Since the spurion field $Y$ plays the role of coupling here, then shouldn't the same argument hold for any QFT potential in general which respects symmetries, which is obviously not true?

TL;DR: The point is that the spurious superfield/coupling constant $Y$ has $R$-symmetry$^1$ charge 2, so that the Wilsonian action (with $R$-symmetry charge 0) cannot generate (and hence contain) holomorphic $F$-terms with higher powers of $Y$, unlike any old coupling constant.

Sketch proof of perturbative non-renormalization theorem for holomorphic $F$-terms:

  1. This is explained in more detail in Ref. 3. The original ${\cal N}=1$ SUSY action with $X=0,Y=1$ is not $R$-symmetry. The holomorphic $F$-sector is $$ W(\Phi) + f(\Phi) W^{\alpha}W_{\alpha}.$$

  2. The extended ${\cal N}=1$ SUSY model with the spurious superfield $X$ and $Y$ have $R$-symmetry and Peccei-Quinn symmetry $$X\to X + \text{imaginary constant}.$$ The holomorphic $F$-sector is $$Y W(\Phi) + (X+f(\Phi)) W^{\alpha}W_{\alpha}.$$

  3. The Wilsonian effective action is defined as $$\exp\left\{ \frac{i}{\hbar}W_c[J^H,\phi_L] \right\}~:=~\int \! {\cal D}\frac{\phi_H}{\sqrt{\hbar}}~\exp\left\{ \frac{i}{\hbar} \left(S[\phi_L+\phi_H]+J^H_k \phi_H^k\right)\right\}~\stackrel{\text{Gauss. int.}}{\sim}$$ $${\rm Det}\left(\frac{1}{i} (S_2)_{mn}\right)^{-1/2} \exp\left\{\frac{i}{\hbar} S_{\neq 2}\left[\phi_L+ \frac{\hbar}{i} \frac{\delta}{\delta J^H}\right] \right\} \exp\left\{- \frac{i}{2\hbar} J^H_k (S_2^{-1})^{k\ell} J^H_{\ell} \right\}.$$ The Wilsonian effective action consists only of connected Feynman diagrams. Only Feynman diagrams made entirely out of holomorphic $F$-vertices and $F$-propagators can generate $F$-terms in the Wilsonian effective action. The holomorphic $F$-sector of the Wilsonian effective action is protected by $R$-symmetry: $$H ~=~ Y h(\Phi) + (\alpha X+g(\Phi)) W^{\alpha}W_{\alpha}.$$

  4. In the limit $Y\to 0$ and $X\to \infty$ all heavy-field Feynman diagrams linear in $Y$ vanish beyond tree-level, so that the superpotential $W(\Phi)=h(\Phi)$ is unrenormalized perturbatively.

  5. Let $Y=0$ from now on.

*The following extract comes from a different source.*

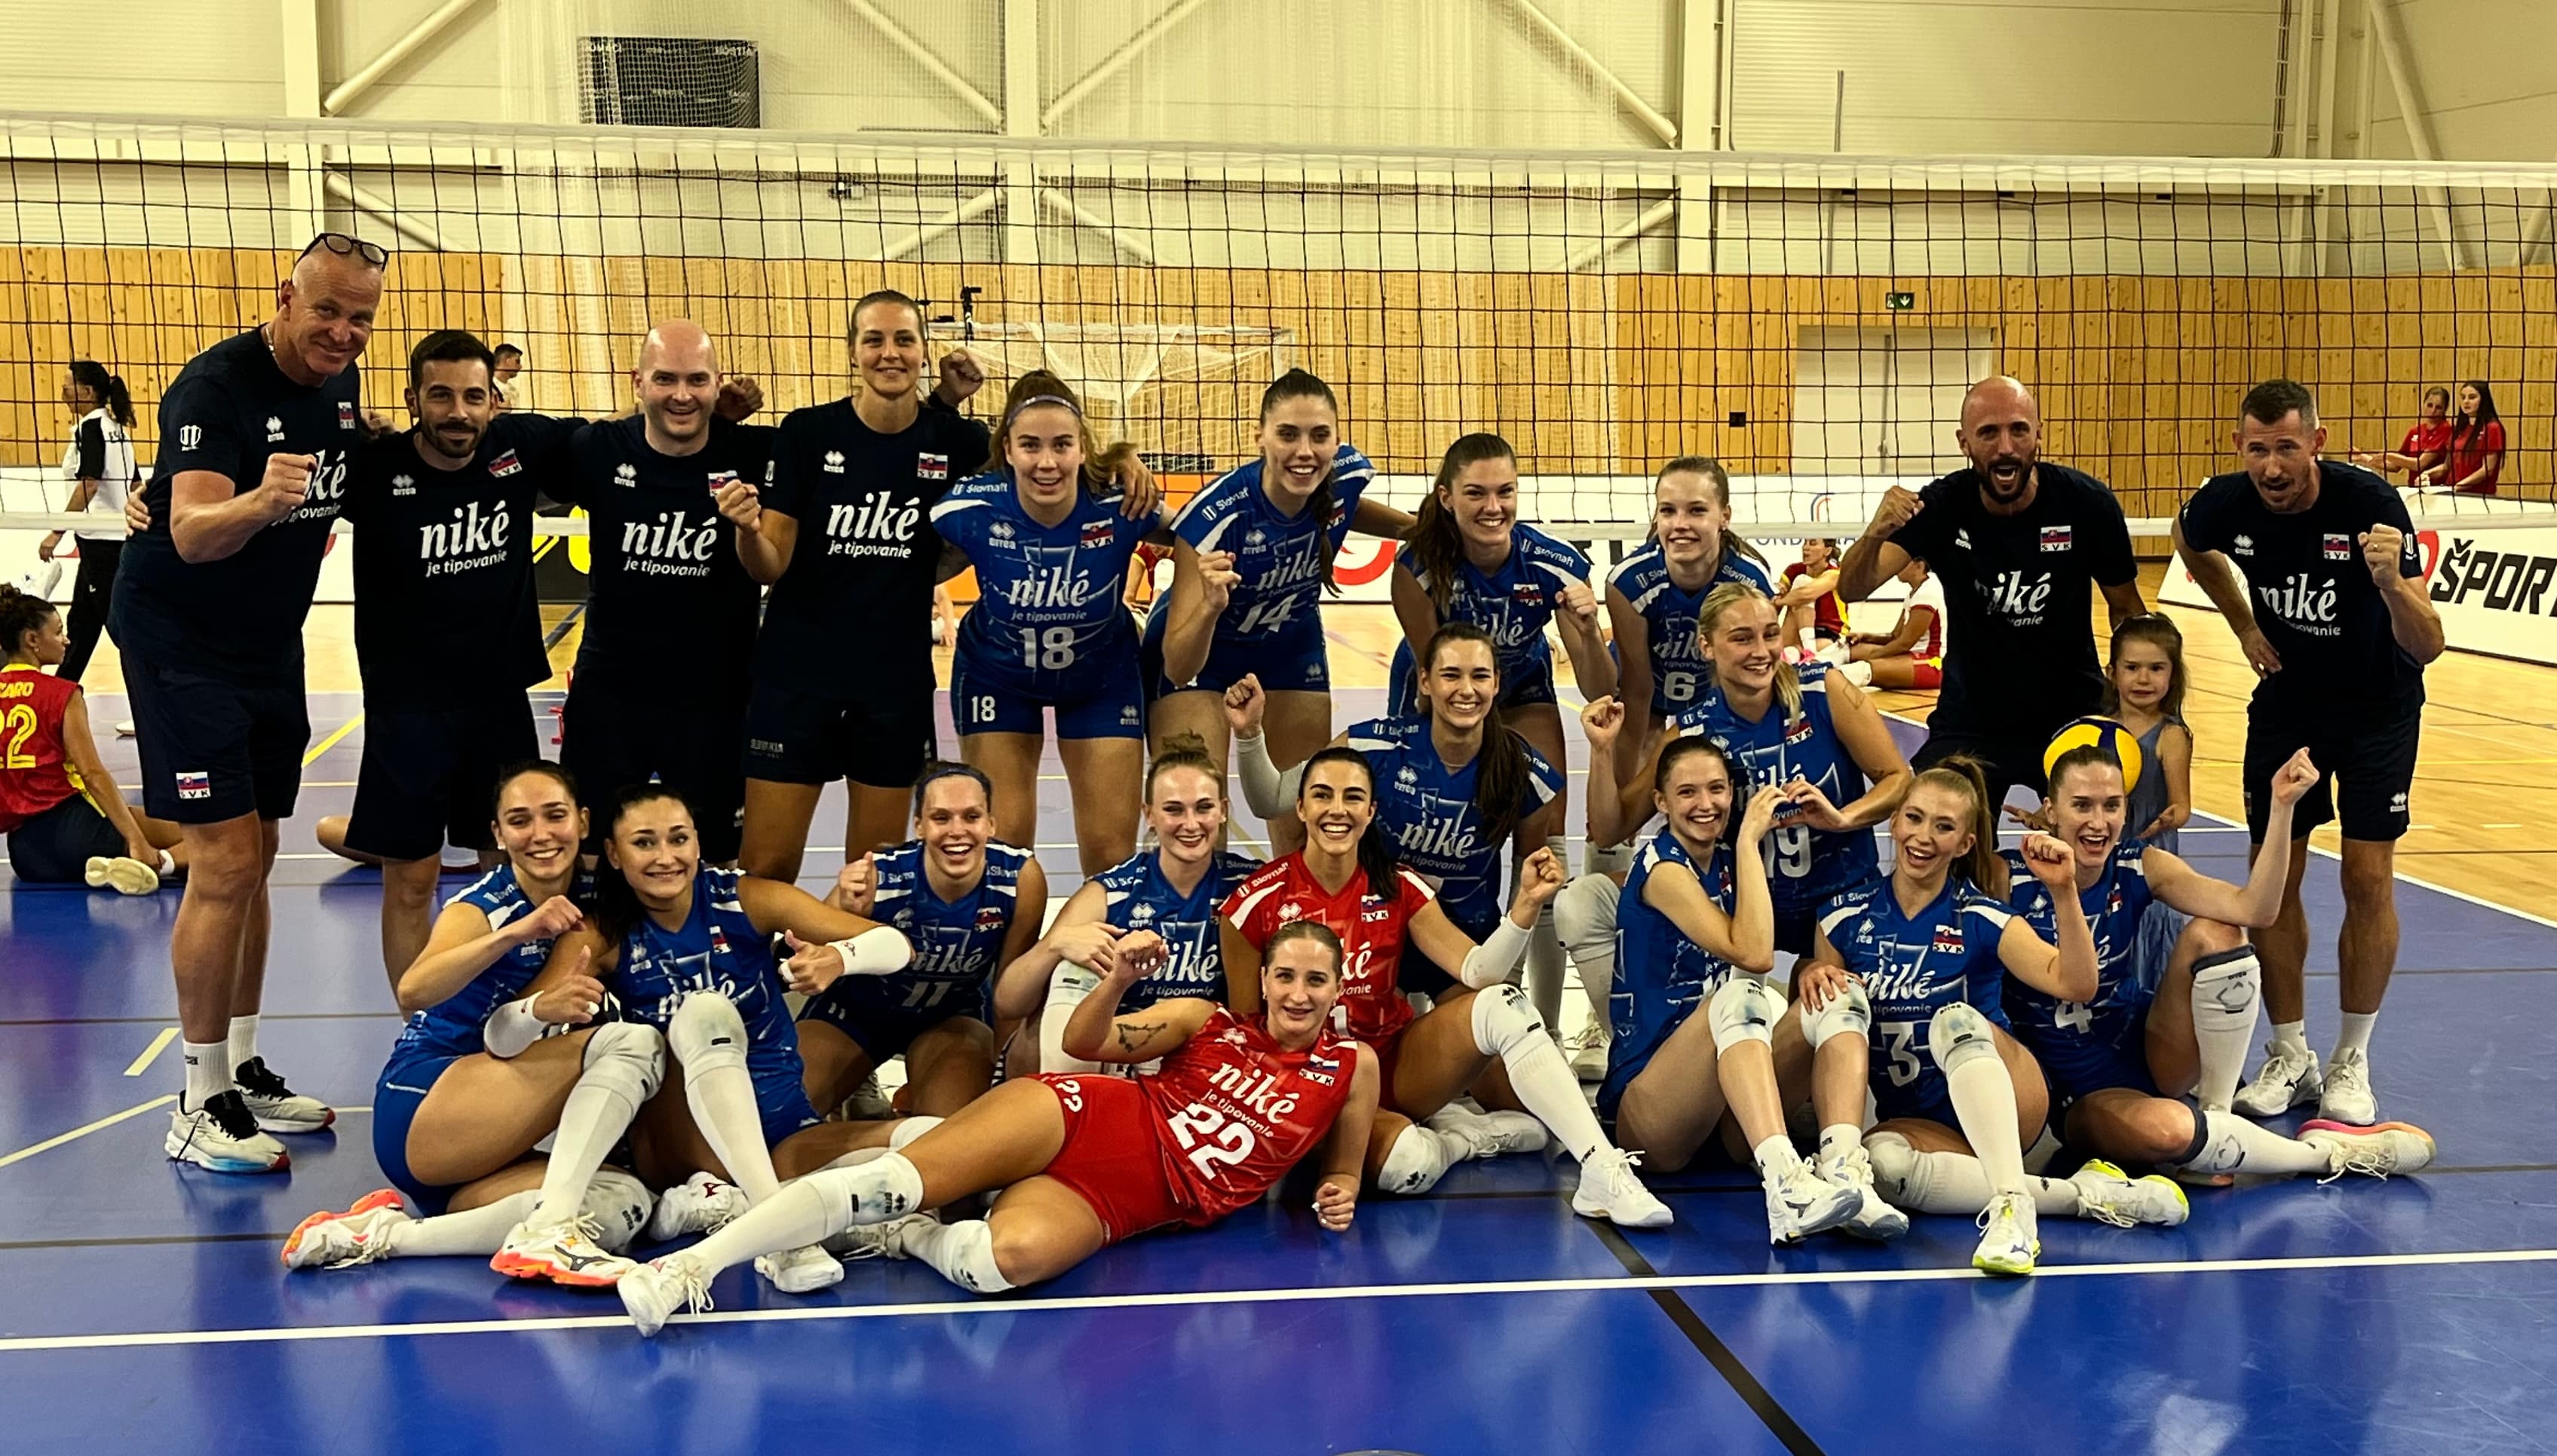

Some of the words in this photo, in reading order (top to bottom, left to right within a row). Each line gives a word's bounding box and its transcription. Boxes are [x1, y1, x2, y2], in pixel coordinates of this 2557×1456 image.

In more detail, a $X$-vertex is proportional to $X$, while the gauge propagator is proportional to $1/X$. Therefore the number $L$ of loops is related to the number of $X$'s $$\#(X)~=~V-I~=~1-L~\leq~1. $$ In the limit $X\to \infty$, we must also have $\#(X)\geq 0$. And $\#(X)=0$ corresponds to 1-loop, while $\#(X)=1$ corresponds to tree-level. We conclude that $\alpha=1$ and that $g(\Phi)-f(\Phi)$ contains only one-loop corrections. $\Box$

References:

  1. S. Krippendorf, F. Quevedo & O. Schlotterer, Cambridge Lectures on Supersymmetry and Extra Dimensions, arXiv:1011.1491; Subsection 4.2.2.

  2. N. Seiberg: arXiv:hep-ph/9309335 & arXiv:hep-ph/9408013.

  3. S. Weinberg, Quantum Theory of Fields, Vol. 3; Section 27.6, p. 150-151.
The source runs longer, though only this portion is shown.